Unfortunately, philosophers have taken a word that we use every day and turned it into a conceptual muddle.
In Horwich’s words:
Consider, for instance, the paradigmatically philosophical question: “What is truth?”. This provokes perplexity because, on the one hand, it demands an answer of the form, “Truth is such–and-such,” but on the other hand, despite hundreds of years of looking, no acceptable answer of that kind has ever been found. We’ve tried truth as “correspondence with the facts,” as “provability,” as “practical utility,” and as “stable consensus”; but all turned out to be defective in one way or another — either circular or subject to counterexamples. Reactions to this impasse have included a variety of theoretical proposals. Some philosophers have been led to deny that there is such a thing as absolute truth. Some have maintained (insisting on one of the above definitions) that although truth exists, it lacks certain features that are ordinarily attributed to it — for example, that the truth may sometimes be impossible to discover. Some have inferred that truth is intrinsically paradoxical and essentially incomprehensible. And others persist in the attempt to devise a definition that will fit all the intuitive data.

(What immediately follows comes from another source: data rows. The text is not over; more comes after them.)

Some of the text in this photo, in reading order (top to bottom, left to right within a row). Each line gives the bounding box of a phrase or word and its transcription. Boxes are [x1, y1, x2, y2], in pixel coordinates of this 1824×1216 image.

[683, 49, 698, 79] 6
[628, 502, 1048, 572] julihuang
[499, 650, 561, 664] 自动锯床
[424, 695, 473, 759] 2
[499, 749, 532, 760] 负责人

But, what happens when philosophers undermine the concept of truth? Will we stop caring about being truthful? Will we be unable to have normal conversations because we are each using the word to mean something different?

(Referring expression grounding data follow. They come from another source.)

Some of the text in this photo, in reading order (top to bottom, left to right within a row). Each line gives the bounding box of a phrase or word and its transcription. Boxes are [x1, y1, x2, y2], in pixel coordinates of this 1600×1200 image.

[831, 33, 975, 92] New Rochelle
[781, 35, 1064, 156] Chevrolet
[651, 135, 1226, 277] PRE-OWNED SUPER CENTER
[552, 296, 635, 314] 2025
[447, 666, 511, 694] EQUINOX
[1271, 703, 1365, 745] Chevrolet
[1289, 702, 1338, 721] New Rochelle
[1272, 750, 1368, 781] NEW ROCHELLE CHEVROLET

But, if philosophers cannot define the “truth,” is the concept merely an arbitrary construct that shifts with the wind? Or was it invented as a means to oppress the masses into accepting nonsense that the ruling powers call the truth?
If I understand what Wittgenstein was getting at, a word like “truth” is a word first. Its meaning has been determined by the history of its usage. Over time large numbers of people engage in large numbers of conversations. Call it the marketplace of ideas, if you like, but the free market of people using the language determines the way words are used, what purpose they serve and what they mean.
I would not be surprised to learn that philosophers wish to own the language and to dictate the way people use it. To their great chagrin, the market ultimately overrules them. Large numbers of people, many of whom are not as smart as philosophers cast the ultimate judgment on the way we use language.
For all of their intelligence-- many of them are geniuses-- most philosophers have not been able to wrap their minds around this fact.